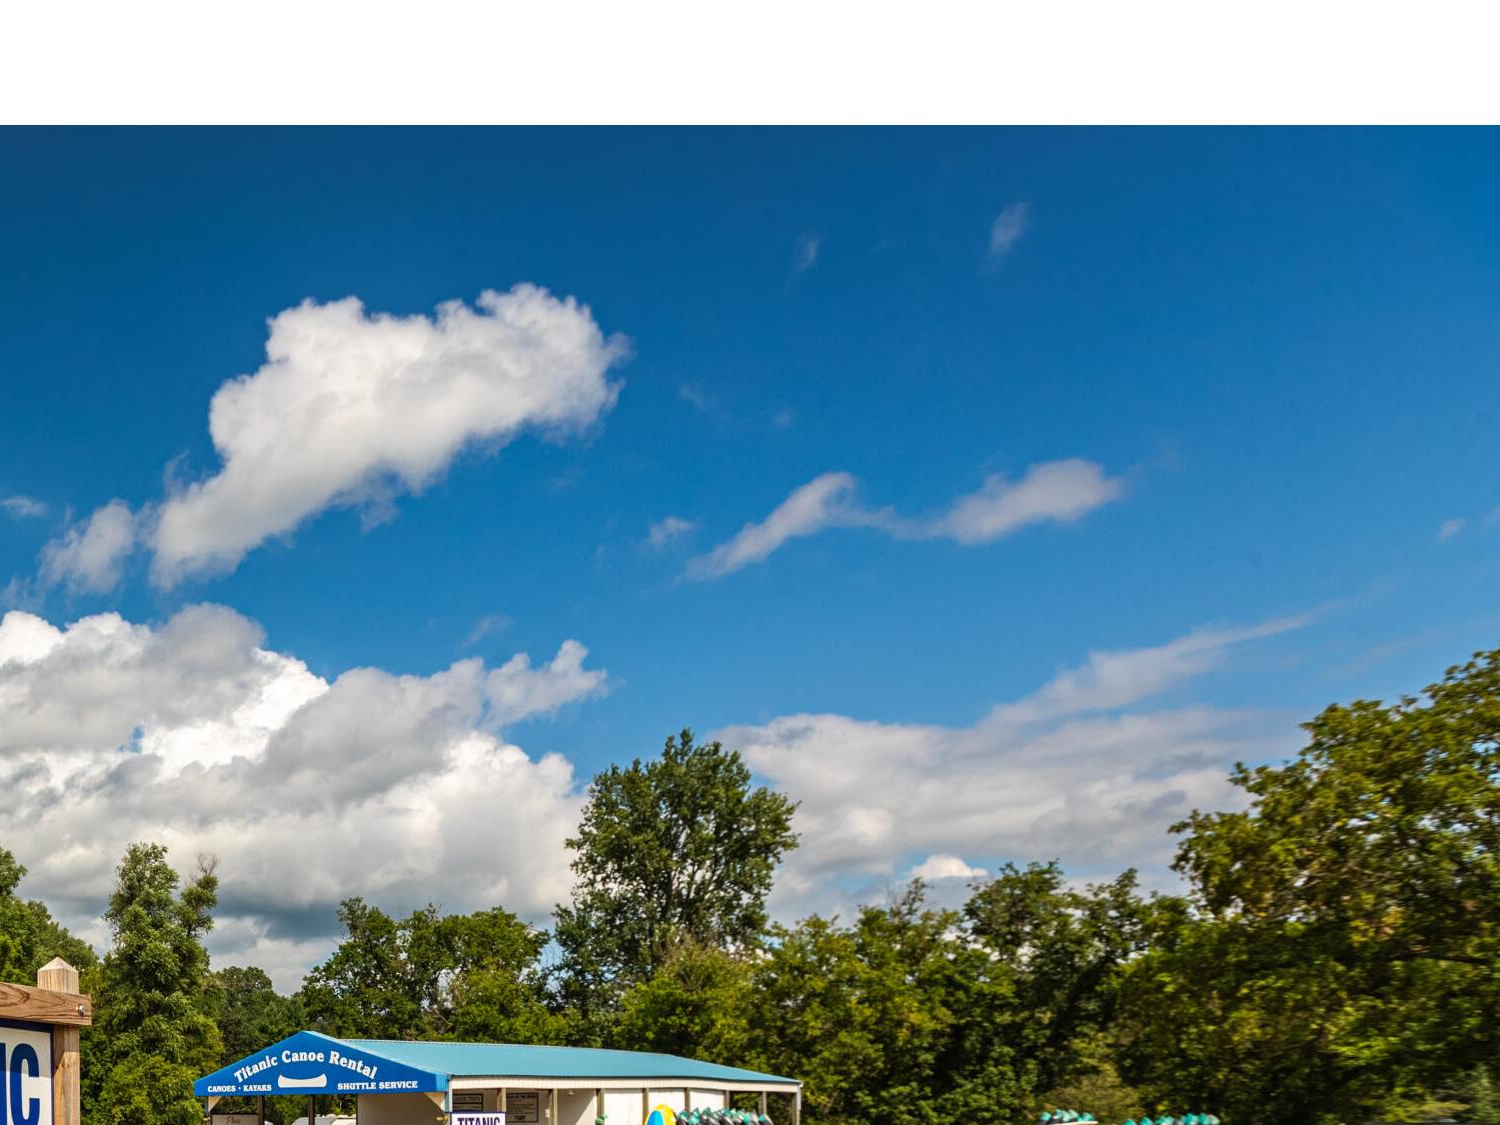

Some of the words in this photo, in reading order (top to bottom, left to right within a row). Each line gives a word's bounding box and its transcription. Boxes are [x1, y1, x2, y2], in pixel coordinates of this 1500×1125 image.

[234, 1054, 278, 1083] Titanic
[281, 1050, 325, 1063] Canoe
[328, 1051, 378, 1080] Rental
[207, 1085, 236, 1093] CANOES
[243, 1084, 272, 1092] KAYAKS
[337, 1082, 377, 1090] SHUTTLE
[378, 1081, 418, 1089] SERVICE
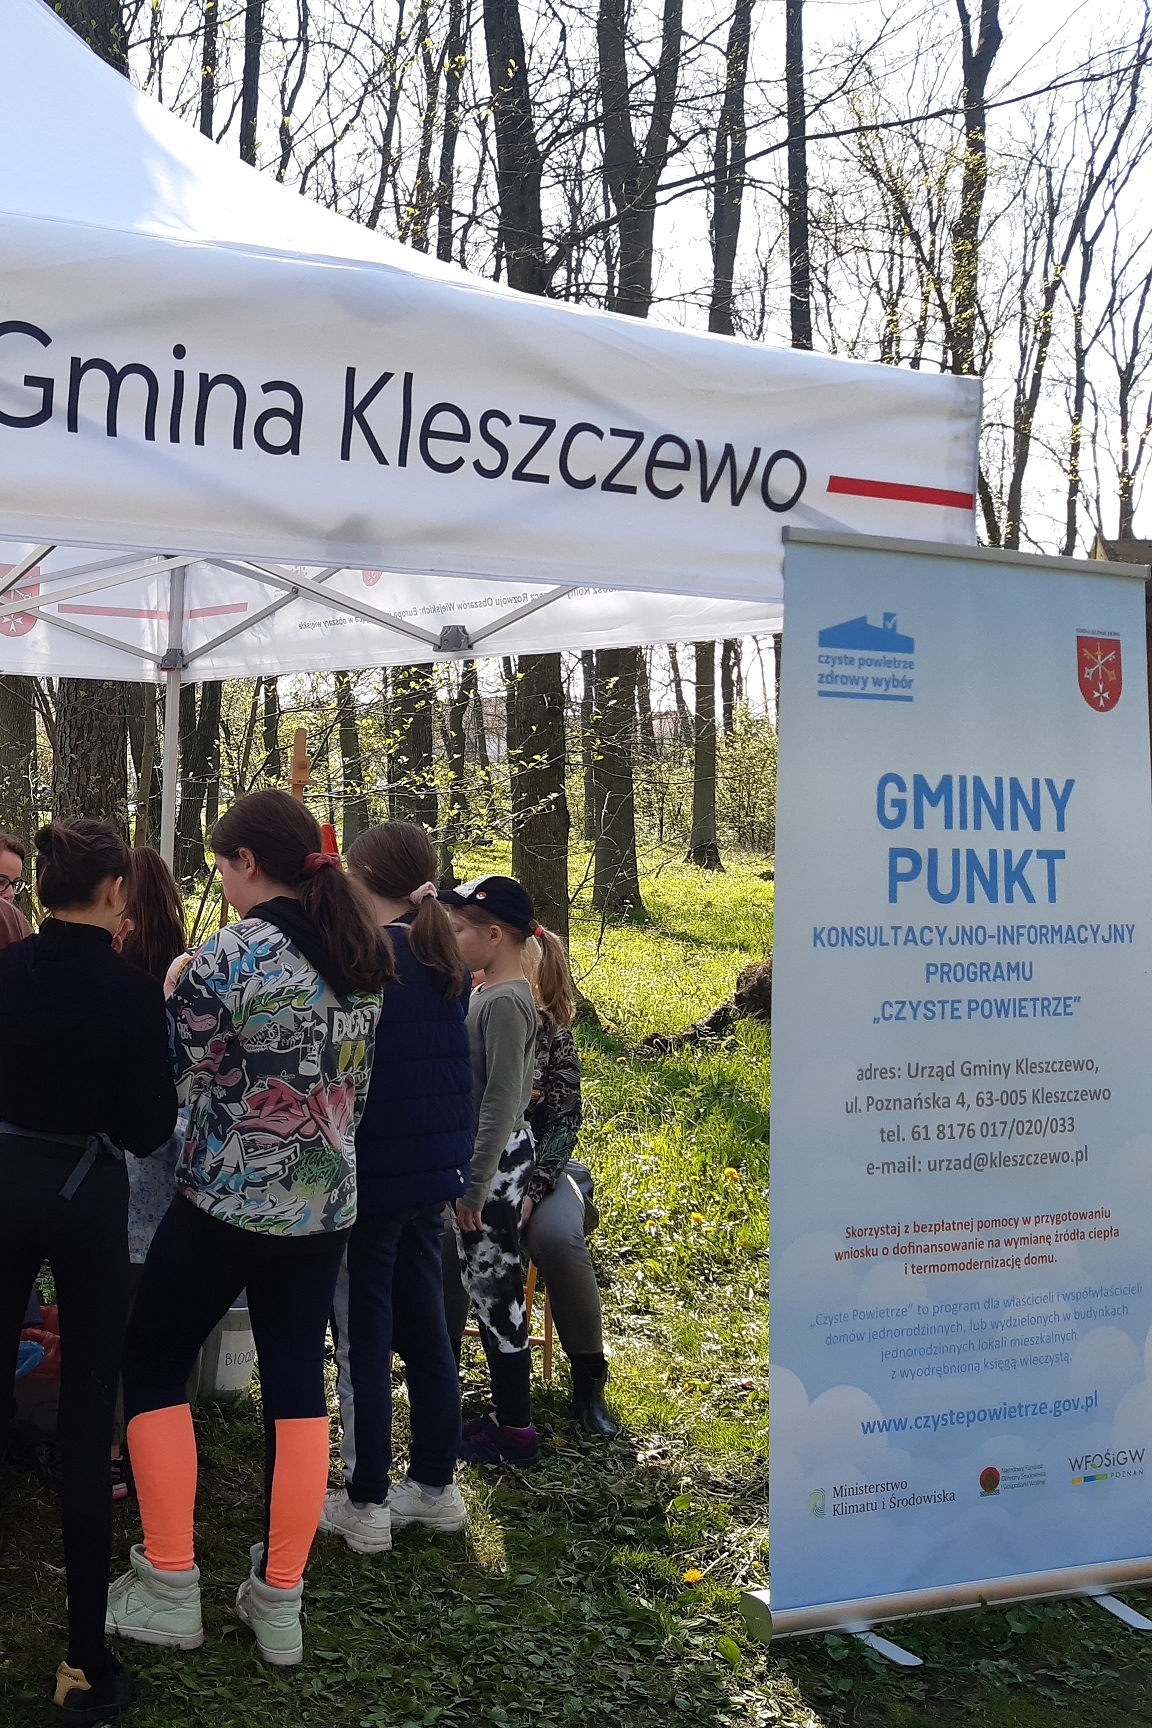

> Exercise directions:
Return each entry above unchanged. Leave the pictures out.

> Response below:
Some of the words in this photo, in reading order (top to bottom, left to right within a row). Each line gives a word's bounding box and its transcription. Boxes are [x1, y1, x2, y2], in pixel coordinates of this 1500×1125 image.

[234, 1054, 278, 1083] Titanic
[281, 1050, 325, 1063] Canoe
[328, 1051, 378, 1080] Rental
[207, 1085, 236, 1093] CANOES
[243, 1084, 272, 1092] KAYAKS
[337, 1082, 377, 1090] SHUTTLE
[378, 1081, 418, 1089] SERVICE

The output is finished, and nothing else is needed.